El momento ideal. Lo mejor es que hagas el masaje en la noche, así te aseguras de que haya una sensación de tranquilidad ya que las labores del día han finalizado. Te recomendamos que lo hagas después de la cena para no pasar hambre, pero de preferencia prepara algo ligero que no los haga sentir pesados a ninguno de los dos.

El ambiente. Las velas y las esencias aromáticas son básicas, no pueden faltar. Sólo evita los olores fuertes, no queremos que se mareen. Escoge aromas que a ambos les gusten. Retira las almohadas y el cobertor de la cama para dejar la superficie plana y sin obstáculos.

El primer contacto. Pídele a tu esposo que se retire la ropa y se acueste boca abajo. Frota tus manos una contra otra para que queden tibias para después tocar su cuerpo haciendo una ligera presión. Deja que toda tu mano hago contacto con su piel. Este es el primer acercamiento que despertará la sensibilidad de su cuerpo y ahuyentará el estrés.

Puntos de tensión.Ahora es momento de cuidar esas zonas del cuerpo que más requieren de un cariñito. Hablamos de los pies, la espalda baja, la columna vertebral, el cuello y los hombros. Masajea estas partes con movimientos circulares, utilizando primero las yemas de tus dedos y después las manos completas. Puedes utilizar algún tipo de aceite de esencias relajantes para dar el masaje.

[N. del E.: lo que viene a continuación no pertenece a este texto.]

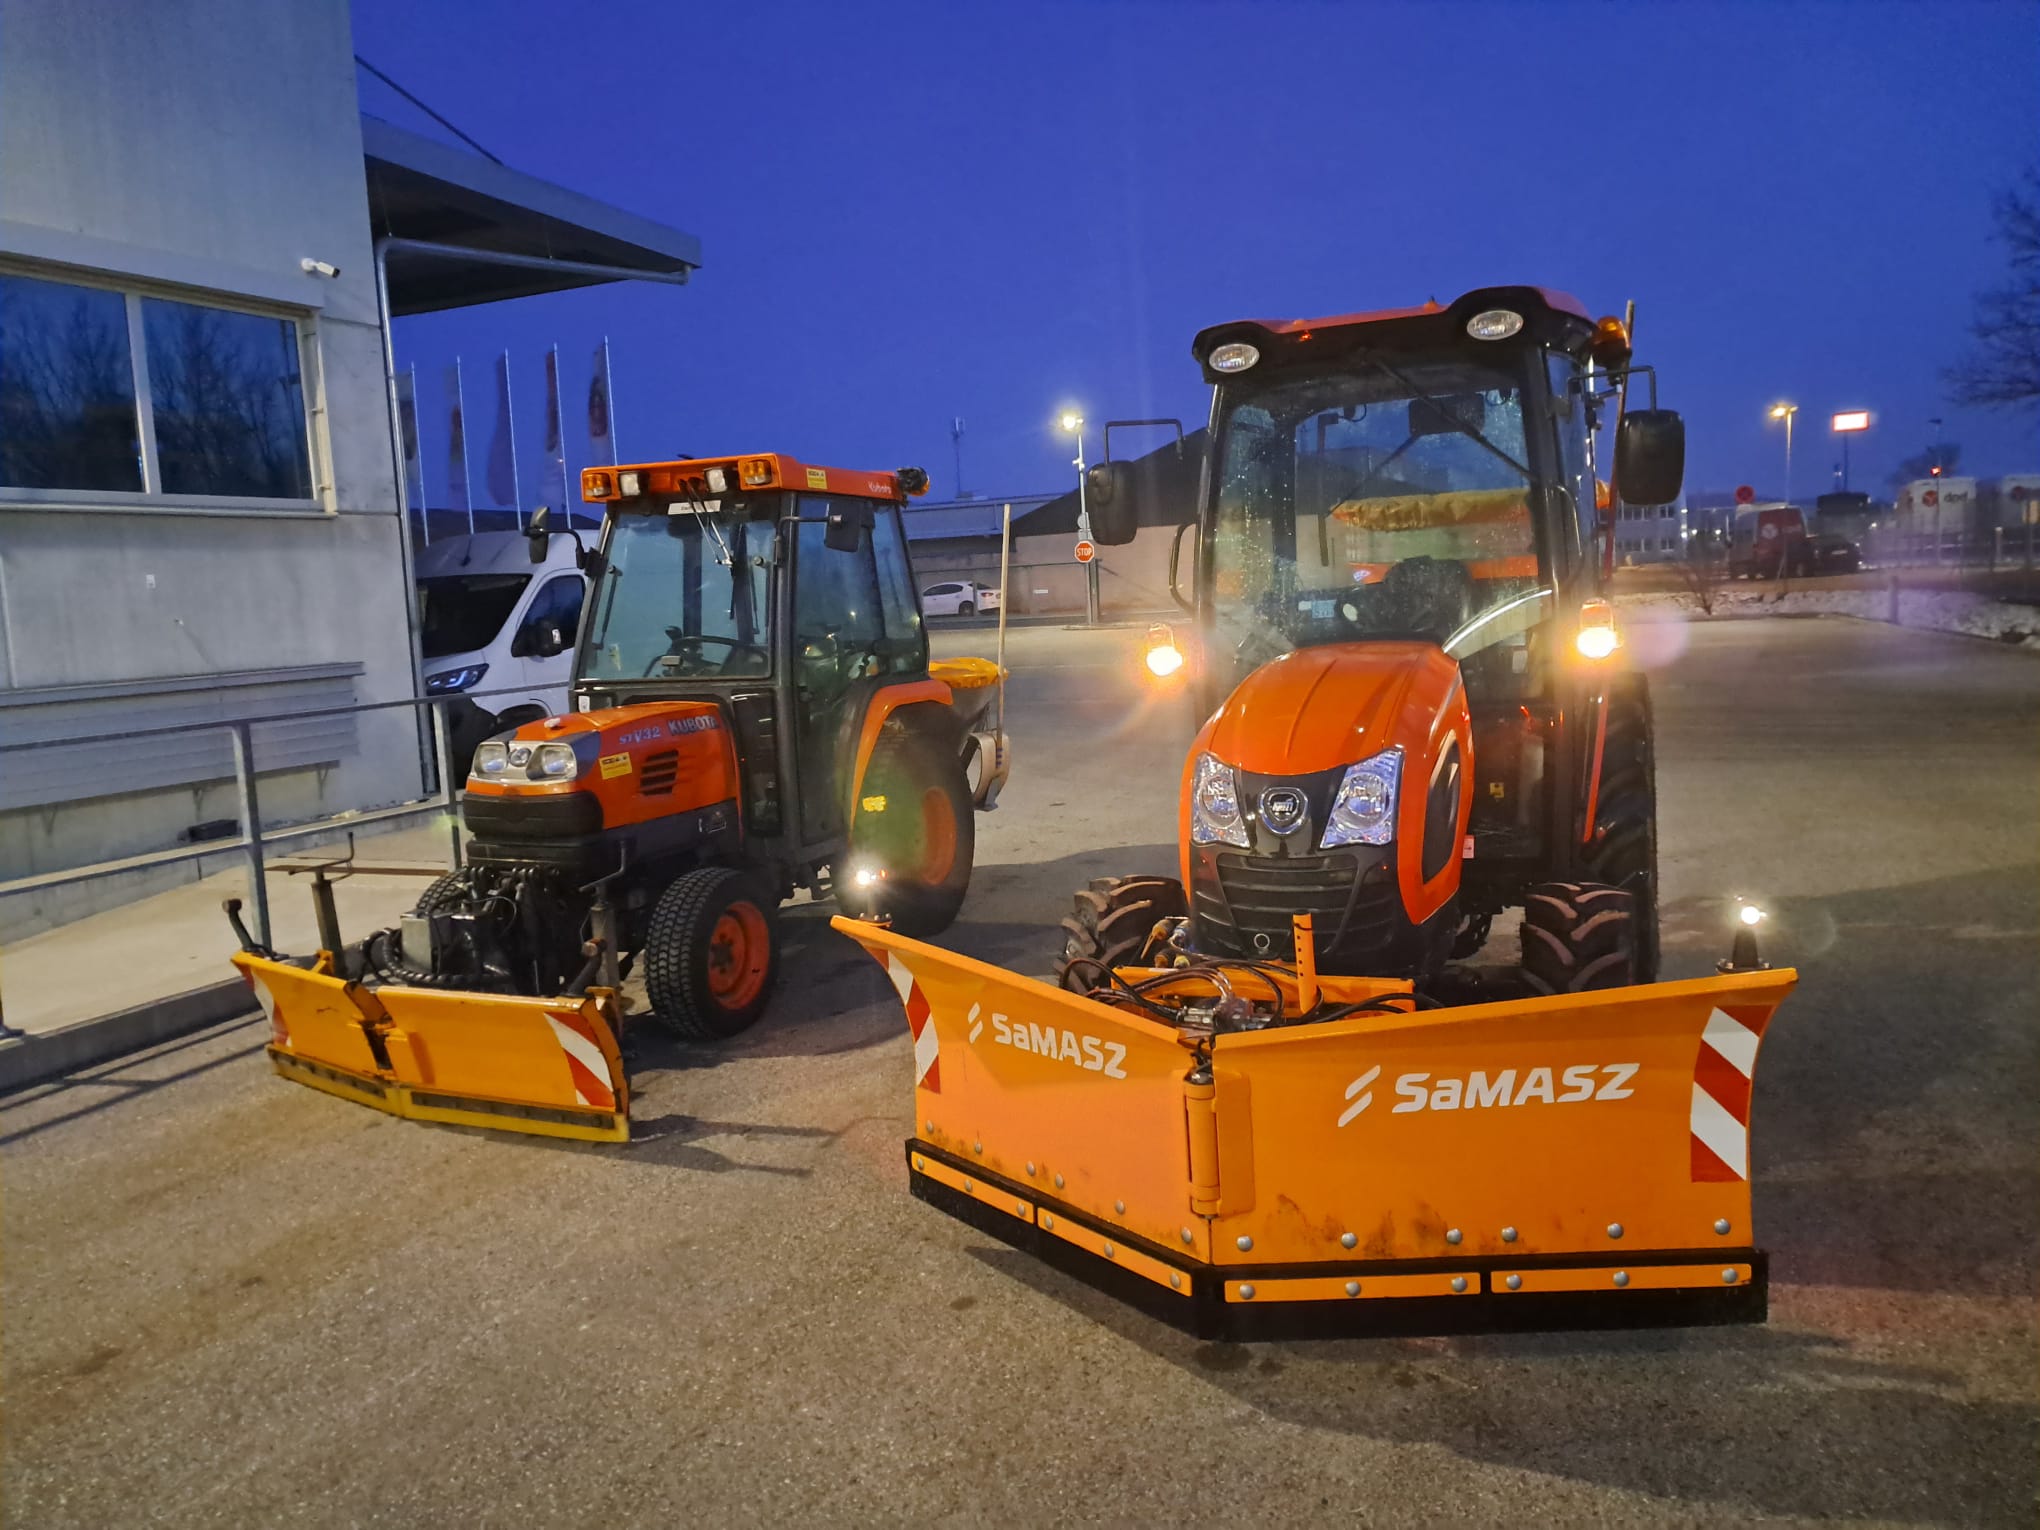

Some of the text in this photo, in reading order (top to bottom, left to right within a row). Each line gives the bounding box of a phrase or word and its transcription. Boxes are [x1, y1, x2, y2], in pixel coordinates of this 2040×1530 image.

[1076, 547, 1092, 557] STOP
[667, 715, 718, 735] KUBOTA
[992, 1013, 1127, 1079] SaMASZ
[1392, 1063, 1640, 1113] SaMASZ
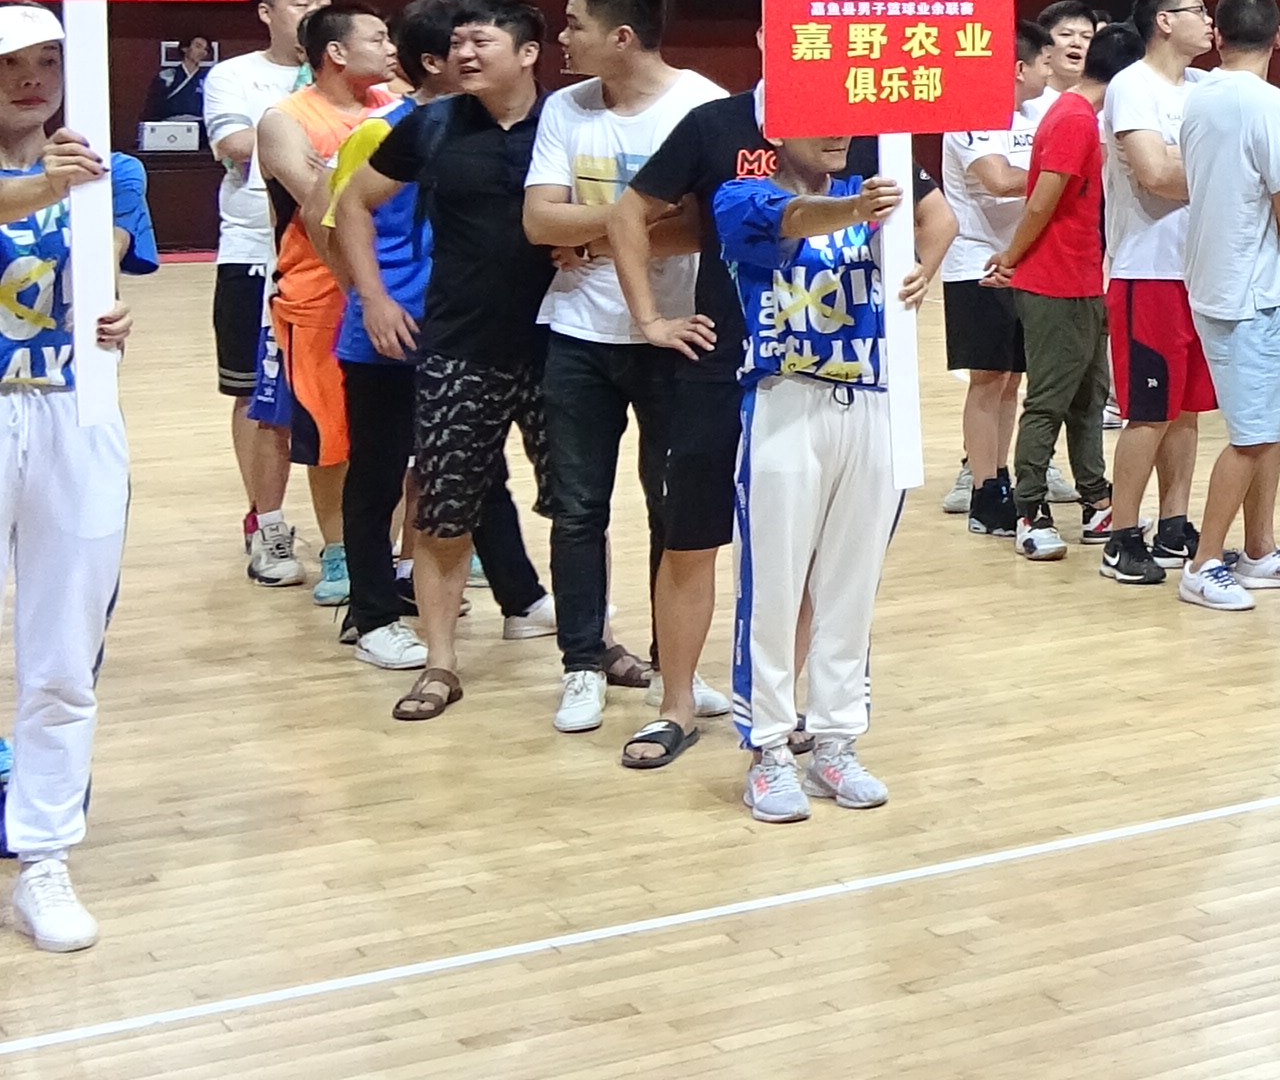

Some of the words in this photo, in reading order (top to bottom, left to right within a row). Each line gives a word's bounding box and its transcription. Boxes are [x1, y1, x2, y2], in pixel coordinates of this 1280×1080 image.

Experimenta. Acaricia y masajea partes del cuerpo que con frecuencia ignoramos. Pueden ser los dedos de las manos, las muñecas o los codos. El punto es que despiertes sensaciones nuevas en su cuerpo.

La cabeza. Has llegado a un punto donde tu hombre está sumamente relajado, es momento de que llegues al clímax. La cabeza es un área muy sensible y probablemente la que más tensión acumula. Comienza metiendo los dedos suavemente entre sus cabellos, acaricia su cráneo y masajéalo. Levanta su cabeza, cuidando de que él no haga ningún esfuerzo, siente el peso de la misma en tus manos, muévela muy suavemente de un lado al otro. Este ejercicio relajará el cuello y las cervicales.

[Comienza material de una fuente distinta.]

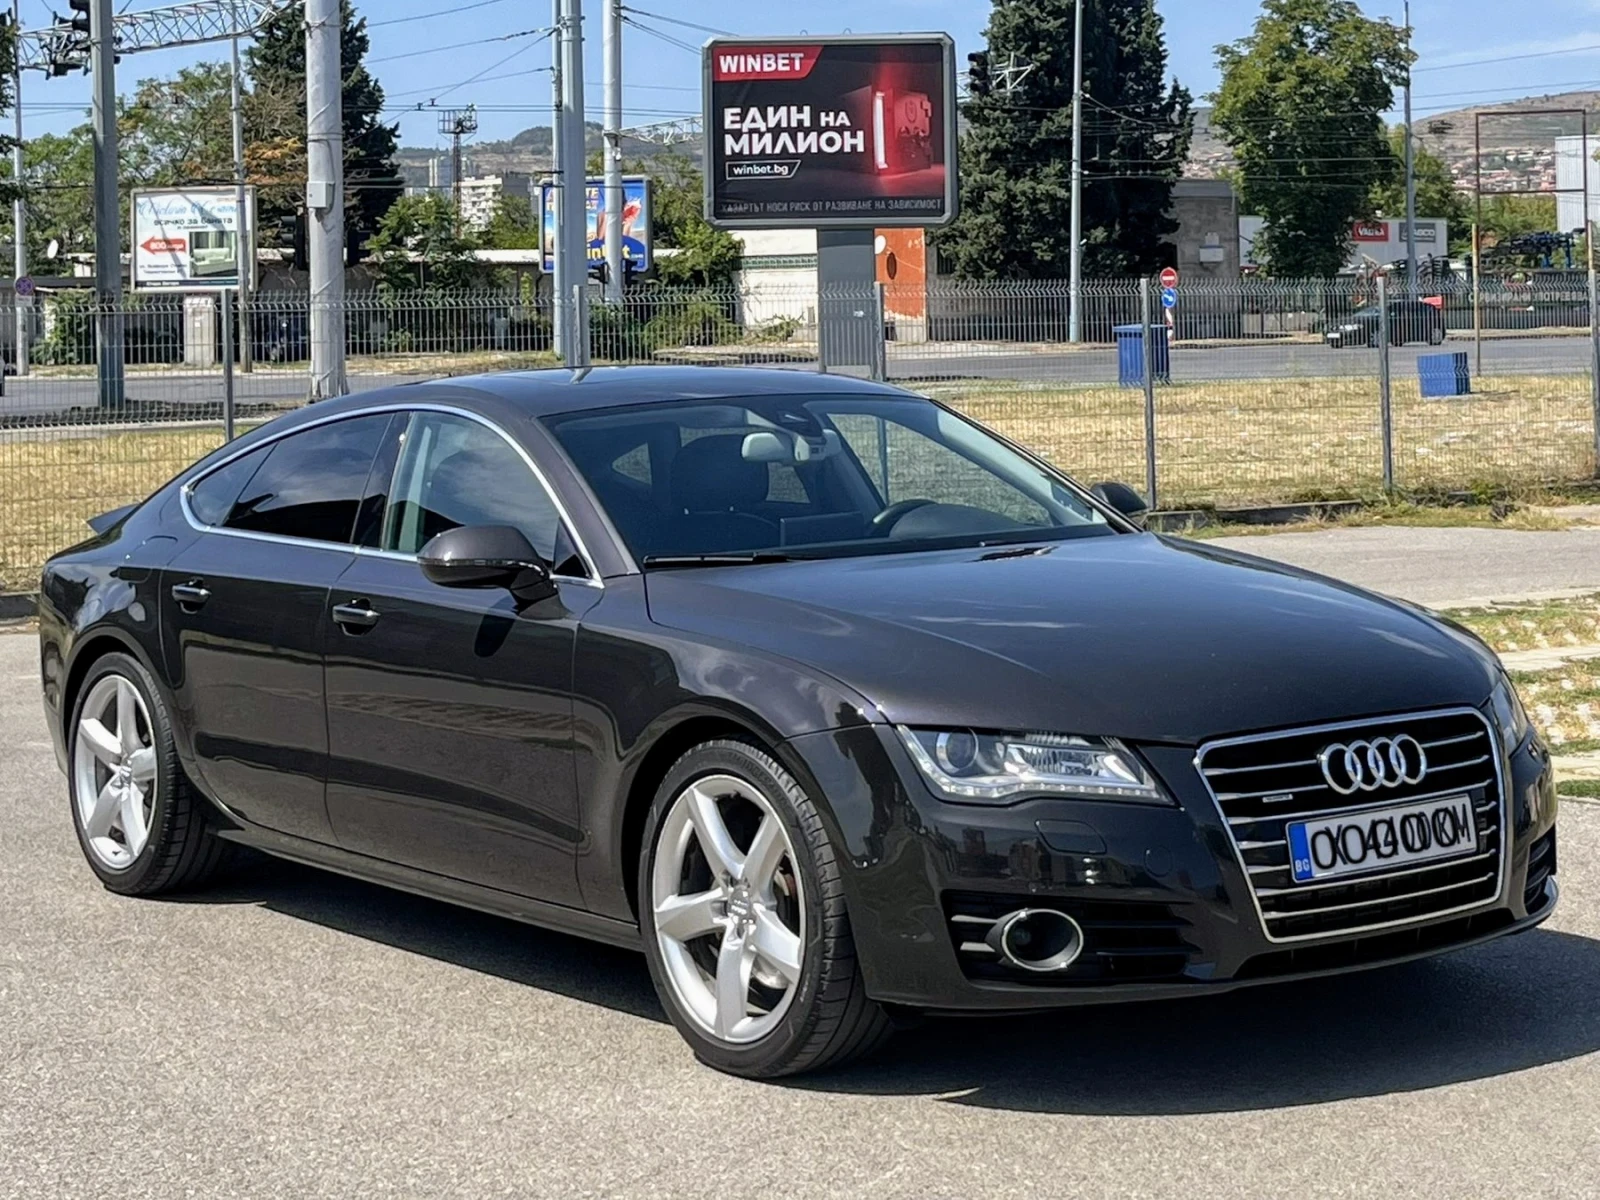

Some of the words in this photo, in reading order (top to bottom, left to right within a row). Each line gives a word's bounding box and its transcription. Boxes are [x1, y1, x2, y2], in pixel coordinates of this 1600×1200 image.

[719, 52, 804, 74] WINBET
[723, 105, 811, 133] ЕДИН
[820, 111, 851, 127] НА
[724, 130, 865, 156] МИЛИОН
[732, 164, 789, 176] winbet.bg
[766, 202, 788, 212] НОСИ
[790, 201, 810, 211] РИСК
[813, 201, 823, 211] ОТ
[825, 200, 873, 211] РАЗВИВАНЕ
[875, 199, 886, 210] НА
[888, 198, 941, 210] ЗАВИСИМОСТ
[1468, 291, 1531, 303] СРВИЗИРАНИ
[1294, 859, 1311, 873] BG

El final. Termina el masaje con un dulce beso en los labios. Recuerda que puedes extenderte tanto como tú quieras. Media hora, 45 minutos, 1 hora, tú decides cuánto tiempo es el adecuado.

Disfruta de esta experiencia; acariciar el cuerpo del hombre que amas será emocionante y descubrir el placer que le provocas, que no necesariamente es sexual, te dará una gran satisfacción. Estos ejercicios de contacto físico fortalecen la comunión emocional en la pareja, es un juego de dar y recibir, tal como es el amor.